Iran later denied that it had invited any for­eign heads of state to visit any of its nuclear sites dur­ing the NAM conference—but not, appar­ently, the offer to assist Egypt’s nuclear program.[5] Although in Tehran Mursi also renewed Egypt’s long-standing call for a Nuclear-Weapons-Free Zone in the Mid­dle East, since at least 2006 the Mus­lim Broth­er­hood (MB, in which Mursi served as a major leader before his elec­tion) has called for Egypt to develop its own nuclear deterrent.[6] This view is so pop­u­lar that in an inter­view on the Cairo chan­nel ON-TV, on August 21, 2011, a retired Egypt­ian army gen­eral, Abdul-Hamid Umran said that it was “absolutely nec­es­sary” for the nation’s secu­rity to have “a nuclear pro­gram.” By this, he made clear, he did not mean a purely civil­ian pro­gram to pro­duce elec­tric power, to which Egypt is tech­ni­cally enti­tled as a sig­na­tory to the Nuclear Non­pro­lif­er­a­tion Treaty (NPT).
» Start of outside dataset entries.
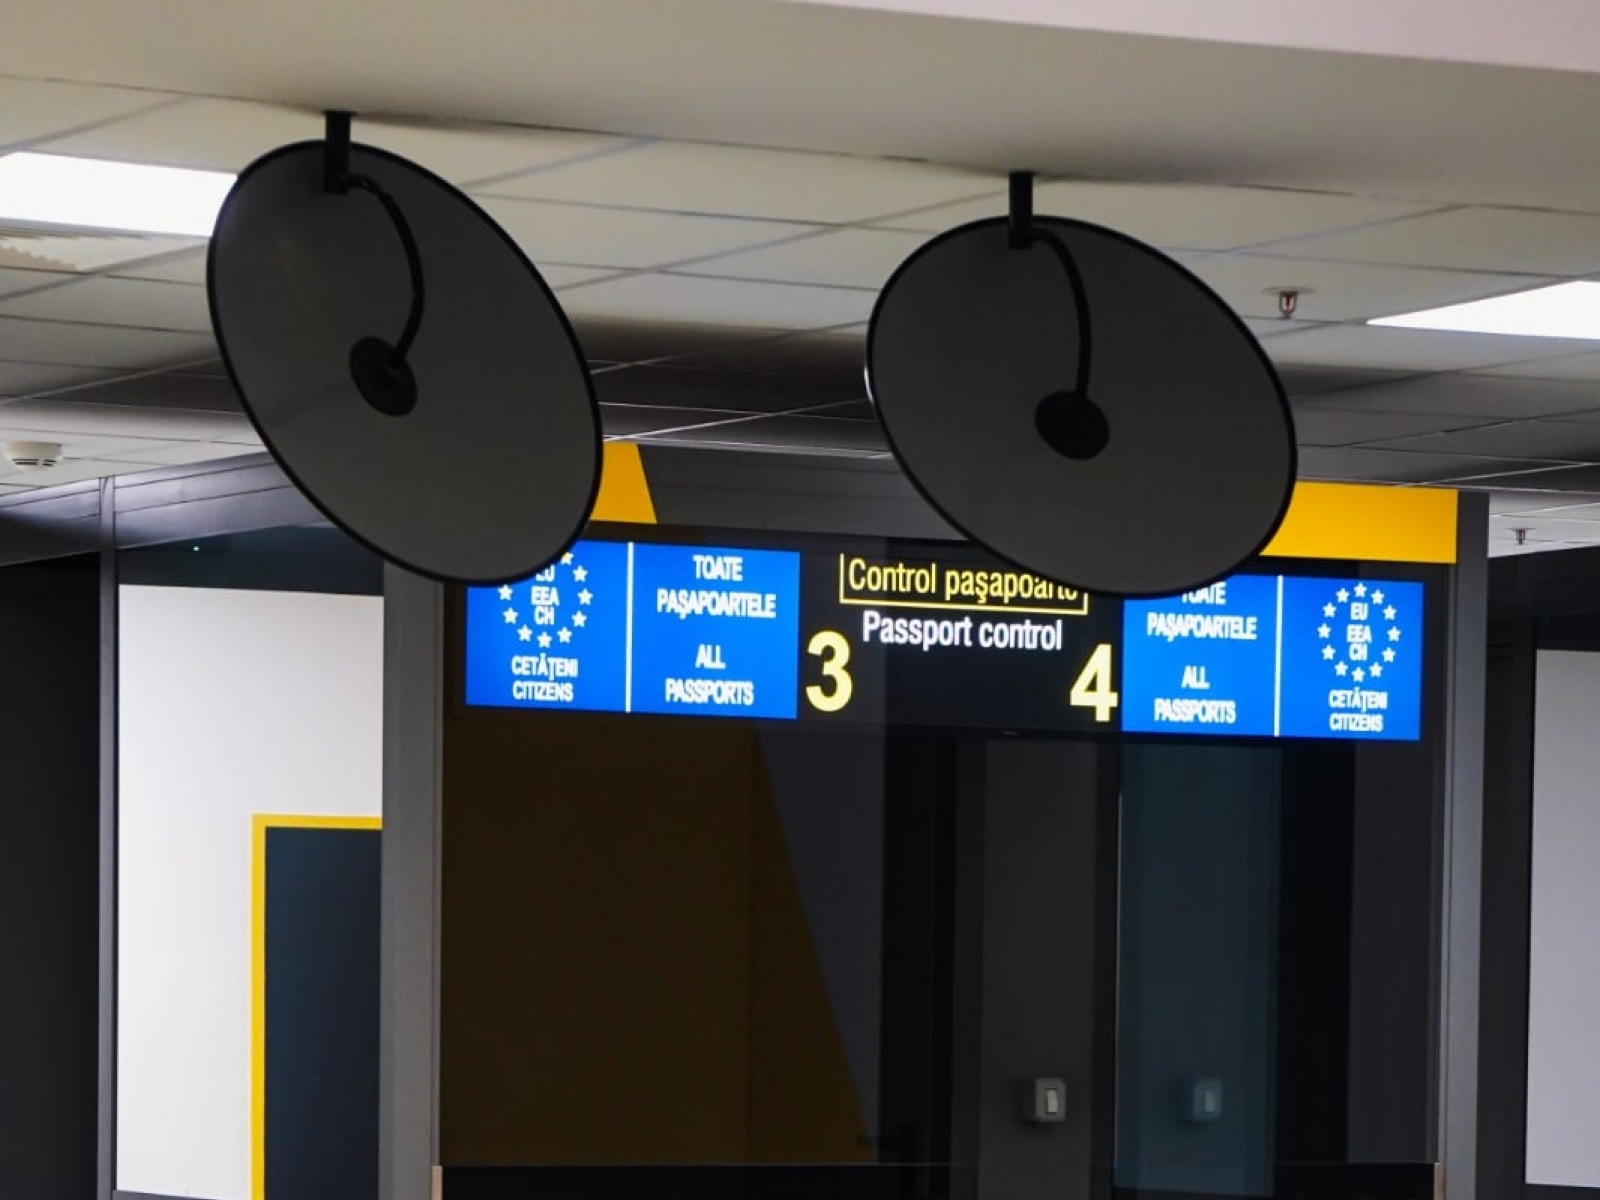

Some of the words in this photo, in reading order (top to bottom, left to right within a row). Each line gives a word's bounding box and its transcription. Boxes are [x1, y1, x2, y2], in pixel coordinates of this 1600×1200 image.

[692, 555, 743, 581] TOATE
[849, 558, 936, 593] Control
[531, 585, 559, 606] EEA
[534, 605, 555, 625] CH
[1351, 602, 1369, 621] EU
[862, 610, 973, 651] Passport
[979, 619, 1063, 650] control
[1346, 624, 1372, 643] EEA
[695, 644, 726, 669] ALL
[1349, 643, 1368, 661] CH
[806, 631, 853, 712] 3
[1069, 644, 1118, 722] 4
[1181, 665, 1210, 689] ALL
[512, 681, 574, 702] CITIZENS
[665, 678, 754, 706] PASSPORTS
[1154, 698, 1236, 724] PASSPORTS
[1329, 713, 1383, 732] CITIZENS
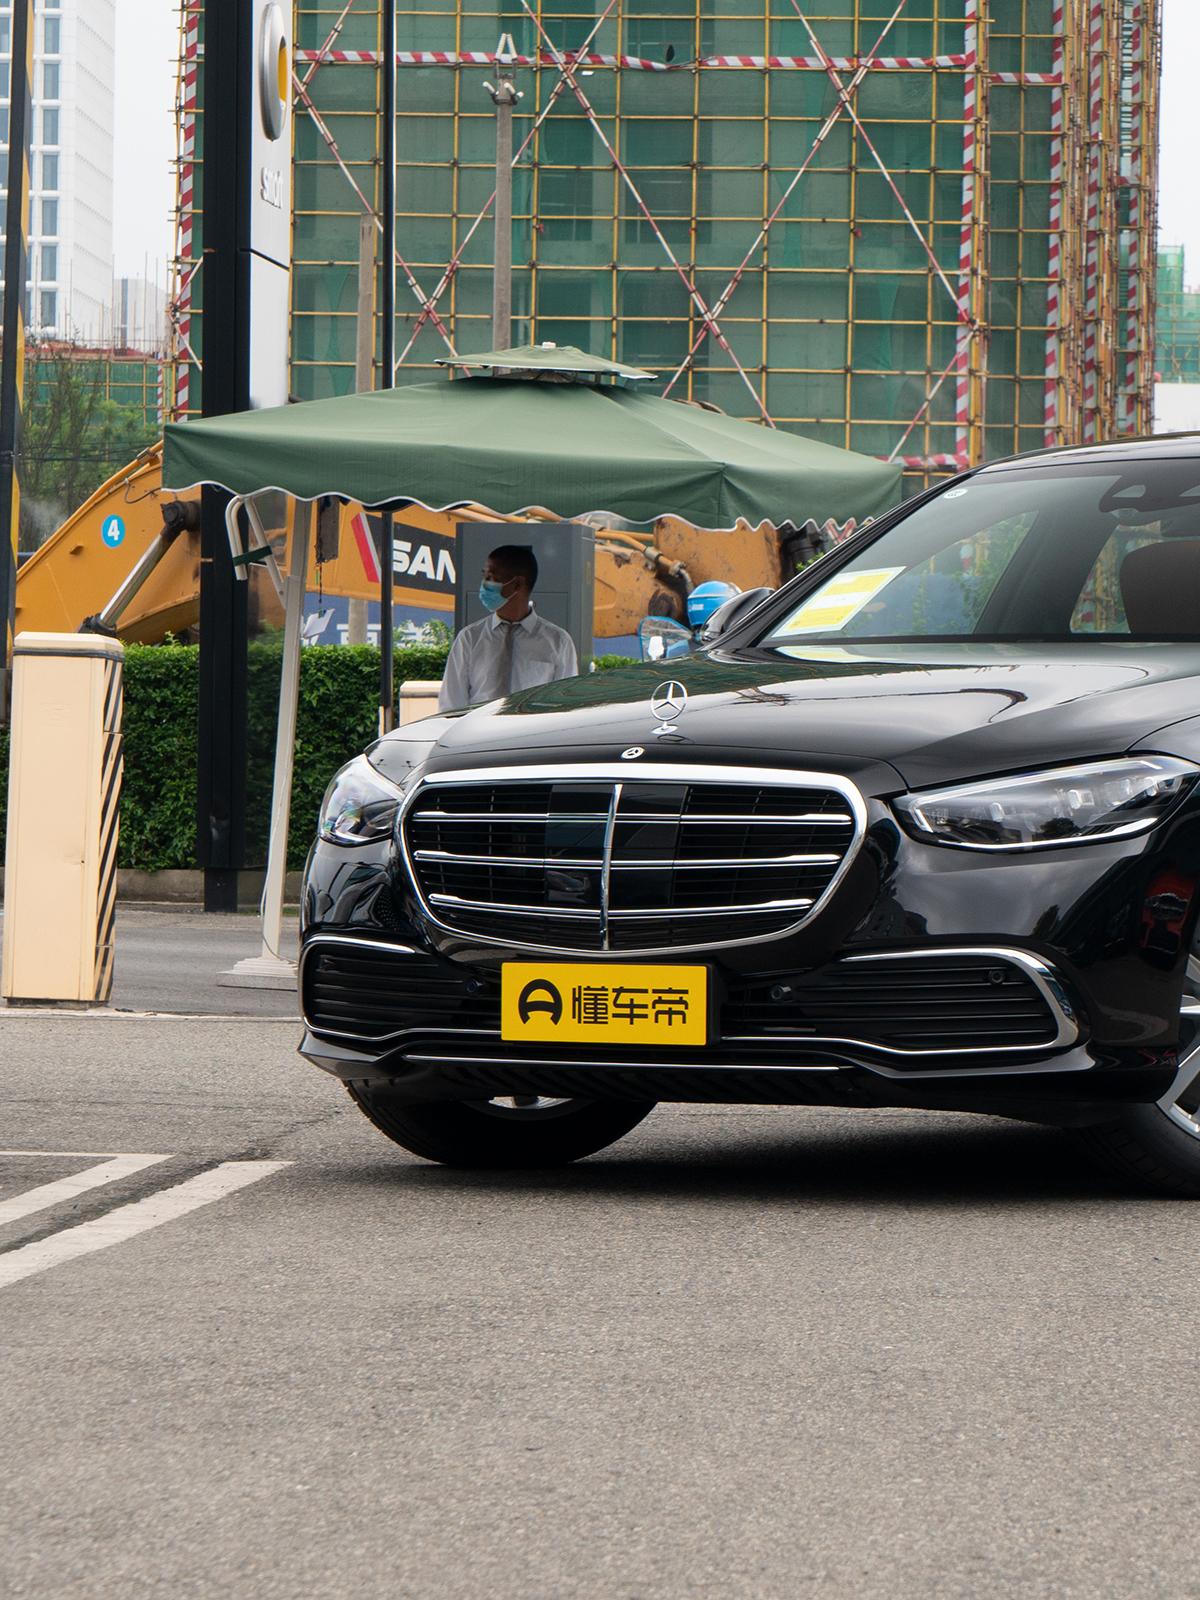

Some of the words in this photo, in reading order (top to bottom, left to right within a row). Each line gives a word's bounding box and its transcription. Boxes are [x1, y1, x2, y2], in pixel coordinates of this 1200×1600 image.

[107, 519, 120, 541] 4
[572, 985, 689, 1026] 懂车帝
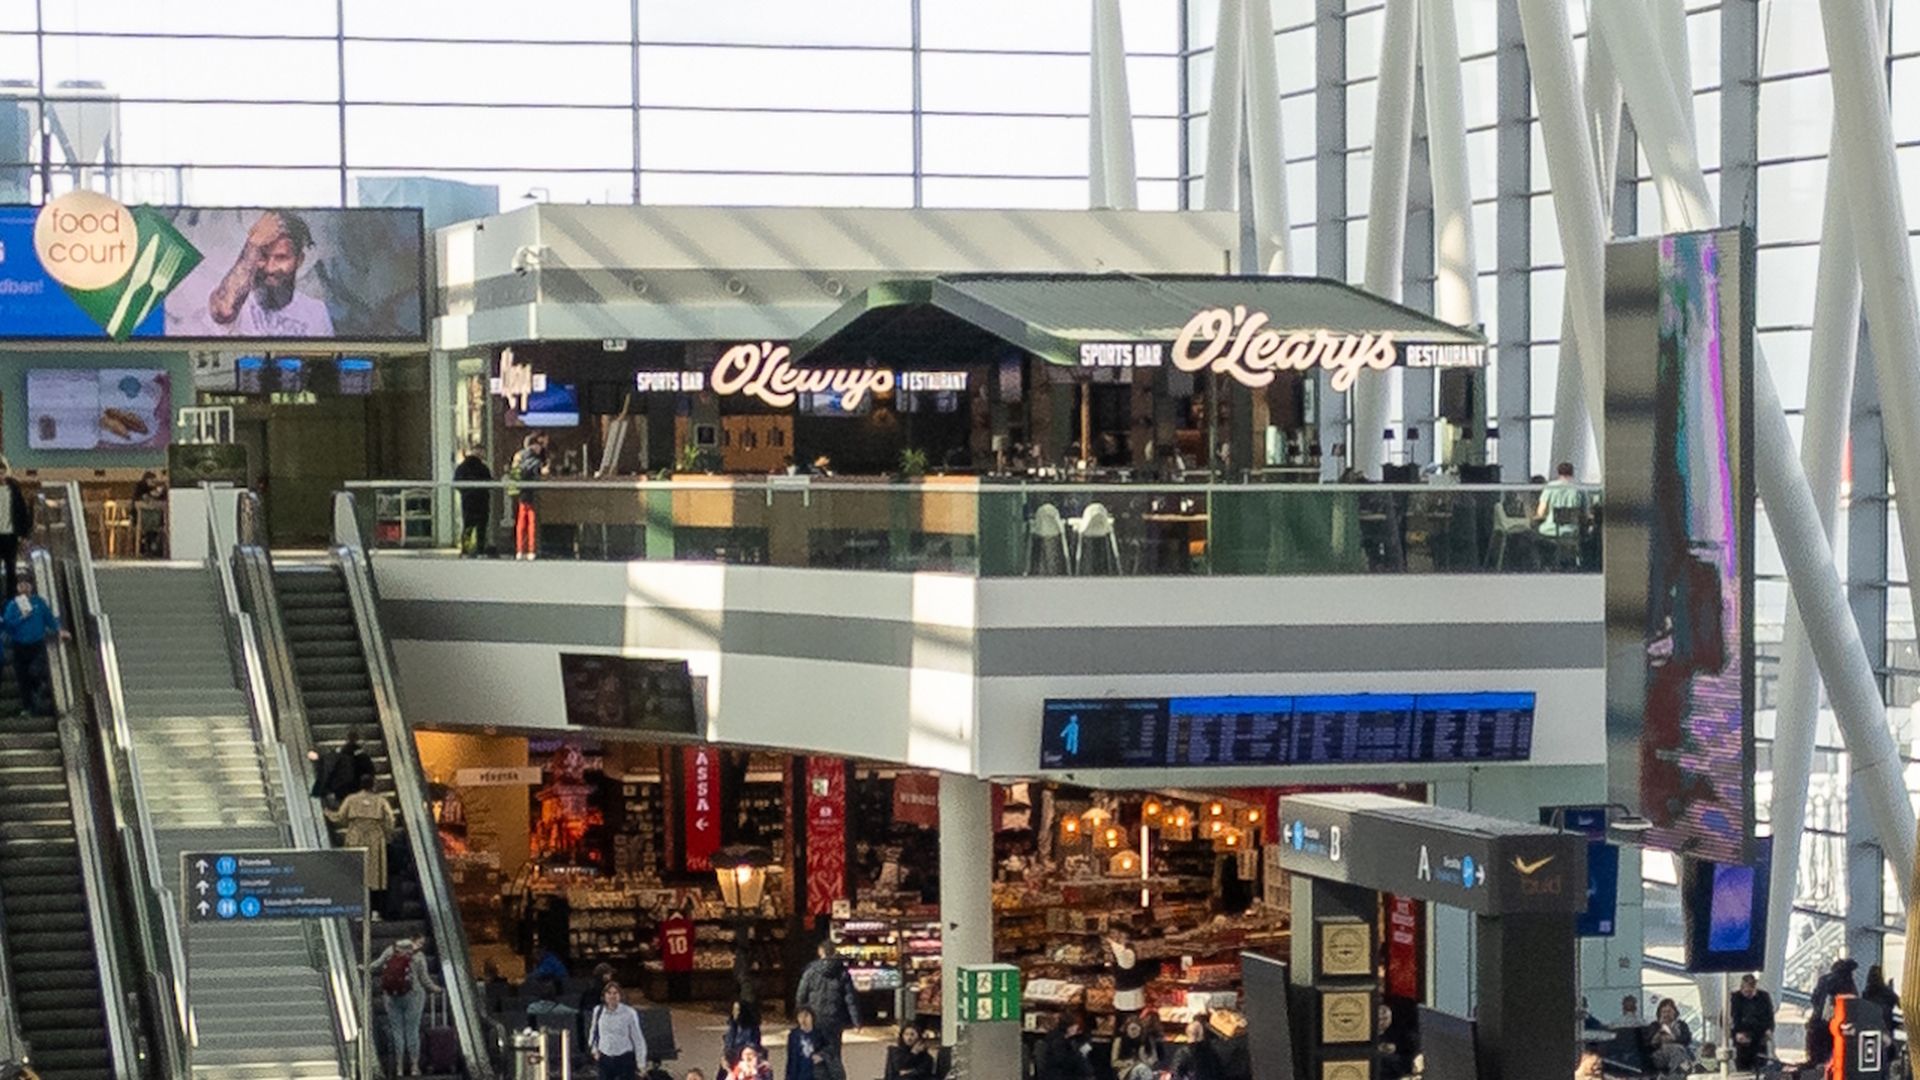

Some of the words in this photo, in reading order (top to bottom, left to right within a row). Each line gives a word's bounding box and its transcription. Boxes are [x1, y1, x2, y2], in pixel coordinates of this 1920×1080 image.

[52, 207, 120, 233] food
[48, 240, 126, 263] court
[1080, 343, 1133, 366] SPORTS
[1135, 344, 1163, 366] BAR
[1171, 305, 1397, 392] O'Learys
[1406, 344, 1486, 367] RESTAURANT
[637, 371, 680, 392] SPORTS
[681, 371, 704, 391] BAR
[695, 746, 710, 812] ASSA
[1330, 825, 1341, 862] B
[1417, 844, 1432, 882] A
[668, 936, 689, 955] 10
He said, rather, that Egypt should declare the program’s peace­ful pur­poses, and then sys­tem­at­i­cally fool the inter­na­tional inspec­tors to achieve the needed lev­els of ura­nium enrich­ment to man­u­fac­ture bombs — cit­ing Iran as an exam­ple of how this can be done, and pro­vid­ing detailed steps to accom­plish it.[7] In another inter­view (for Egypt’s Tahrir-TV) on August 6, 2012, Umran again demanded that Egypt develop its own nuclear weapons, stress­ing that if Israel finds itself in a “dif­fi­cult sit­u­a­tion,” it would use its own nuclear shield: in that instance, Egypt must also have one to defend itself. The unmis­tak­able impli­ca­tion is that Egypt would need nuclear weapons against Israel’s expected atomic retal­i­a­tion in the event that Egypt went to war against the Jew­ish State.[8]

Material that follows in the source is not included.